皮膚テストの良いところは、費用が安く、短時間で結果を直接見られることです。悪い所は、検査に痛みがあることと、検査前に少なくとも1週間はアレルギーの薬の使用をやめる必要があることです。薬を中止している1週間は、鼻水や鼻づまりなどのアレルギー症状をがまんする必要があります。その他、検査による反応で皮膚にかゆみや、腫れが起こり、後まで残ることがあります。皮膚テストは前腕(肘より先)で行います。皮内注射でアレルゲンを注射する皮内テストと、アレルゲンをつけた部分に針先で傷をつけるスクラッチテスト(プリックテスト)があります。

血清特異的IgE抗体検査は血液検査で行います。アレルギー症状がある場合は保険で検査を行うことができます。3割負担で5,000円ほどの検査です。

検査するアレルゲンを自由に選ぶ方法では、一度に検査を行うことができるのは13項目までです。その他に、決まった33項目を調べることができるMASTⅢや、39項目を調べることができるViewアレルギーなどの検査方法もあります。いずれも検査結果がでるまでには数日間かかります。

最近では30分程度で検査結果がわかるアレルギー迅速検査もあります。指先から少量の血液を採取するのみで、検査を行うことができます。

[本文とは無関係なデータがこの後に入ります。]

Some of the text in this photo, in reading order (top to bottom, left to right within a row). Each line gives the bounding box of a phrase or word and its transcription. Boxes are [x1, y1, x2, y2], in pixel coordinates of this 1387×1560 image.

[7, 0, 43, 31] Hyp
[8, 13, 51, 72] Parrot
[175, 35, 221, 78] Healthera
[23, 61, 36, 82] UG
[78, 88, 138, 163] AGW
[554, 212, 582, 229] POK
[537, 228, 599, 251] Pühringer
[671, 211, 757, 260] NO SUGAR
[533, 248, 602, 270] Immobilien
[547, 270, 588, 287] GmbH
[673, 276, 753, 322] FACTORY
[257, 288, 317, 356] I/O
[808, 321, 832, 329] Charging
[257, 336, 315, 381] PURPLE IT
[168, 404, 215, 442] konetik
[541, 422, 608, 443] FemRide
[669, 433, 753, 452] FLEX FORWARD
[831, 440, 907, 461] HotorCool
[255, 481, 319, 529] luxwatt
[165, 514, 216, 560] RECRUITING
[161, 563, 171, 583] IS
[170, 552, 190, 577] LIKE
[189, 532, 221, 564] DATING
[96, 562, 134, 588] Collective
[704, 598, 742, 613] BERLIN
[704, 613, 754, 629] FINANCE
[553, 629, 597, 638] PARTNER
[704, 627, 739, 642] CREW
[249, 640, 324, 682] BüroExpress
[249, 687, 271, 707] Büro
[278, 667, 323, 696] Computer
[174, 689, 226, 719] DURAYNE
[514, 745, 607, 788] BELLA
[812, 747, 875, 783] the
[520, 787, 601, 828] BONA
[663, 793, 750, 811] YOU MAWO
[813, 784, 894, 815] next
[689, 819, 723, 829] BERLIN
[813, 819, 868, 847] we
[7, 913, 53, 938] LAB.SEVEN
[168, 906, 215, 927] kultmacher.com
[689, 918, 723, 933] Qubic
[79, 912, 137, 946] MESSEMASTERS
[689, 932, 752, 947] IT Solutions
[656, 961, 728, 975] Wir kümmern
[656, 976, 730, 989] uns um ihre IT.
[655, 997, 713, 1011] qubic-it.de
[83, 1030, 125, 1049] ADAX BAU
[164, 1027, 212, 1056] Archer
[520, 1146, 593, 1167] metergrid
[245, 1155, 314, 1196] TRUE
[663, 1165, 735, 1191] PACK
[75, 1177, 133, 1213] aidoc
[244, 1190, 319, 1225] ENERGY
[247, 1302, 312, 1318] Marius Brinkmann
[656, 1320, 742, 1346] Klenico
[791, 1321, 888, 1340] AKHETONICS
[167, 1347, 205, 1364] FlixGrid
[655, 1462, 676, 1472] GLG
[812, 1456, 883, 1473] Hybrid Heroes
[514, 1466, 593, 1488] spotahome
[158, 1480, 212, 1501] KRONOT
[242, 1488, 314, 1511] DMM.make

医療機関によってできる検査が異なりますので、希望する場合は問い合わせてみましょう。

花粉症の重症度の基準は?:ひどい花粉症かどうか?

花粉症の症状に応じて、鼻アレルギー診療ガイドラインでは重症度分類を行います。花粉症で一番ひどい時期は、最重症に該当することが多いです。鼻づまり(鼻閉;びへい)と、鼻水やくしゃみのどちらの症状が強いかと、重症度に応じて、治療内容を検討します。

表 アレルギー性鼻炎症状の重症度分類

程度および重症度 くしゃみ発作または鼻漏*
++++ +++ ++ + -
鼻閉 ++++ 最重症 最重症 最重症 最重症 最重症
+++ 最重症 重症 重症 重症 重症
++ 最重症 重症 中等症 中等症 中等症
+ 最重症 重症 中等症 軽症 軽症
- 最重症 重症 中等症 軽症 無症状

凡例

くしゃみ・鼻漏型 鼻閉型 充全型

*くしゃみか鼻漏の症状が強い方のランク分類を用いて、判定を行います。

くしゃみ、鼻漏、鼻閉(鼻づまり)のそれぞれで、症状にあわせて、どのランクに該当するかみます。従来の分類では、重、中、軽症の3段階ですが、スギ花粉飛散の多いときは重症より重い症状も起こるので、最重症を入れてあります。

(『鼻アレルギー診療ガイドライン』より)

表 アレルギー性鼻炎症状のランク分類

種類 程度
++++ +++ ++ + -
くしゃみ発作(1日の平均発作回数) 21回以上 20〜11回 10〜6回 5〜1回 +未満
鼻汁(1日の平均の鼻をかむ回数) 21回以上 20〜11回 10〜6回 5〜1回 +未満
鼻閉 1日中完全につまっている 鼻閉が非常に強く,口呼吸が1日のうち,かなりの時間あり 鼻閉が強く,口呼吸が1日のうち,ときどきあり 口呼吸はまったくないが鼻閉あり +未満
日常生活の支障度* 全くできない 手につかないほど苦しい (+++)と(+)の中間 あまり差し支えない +未満

*日常生活の支障度:仕事,勉学,家事,睡眠,外出などへの支障

(『鼻アレルギー診療ガイドライン』より)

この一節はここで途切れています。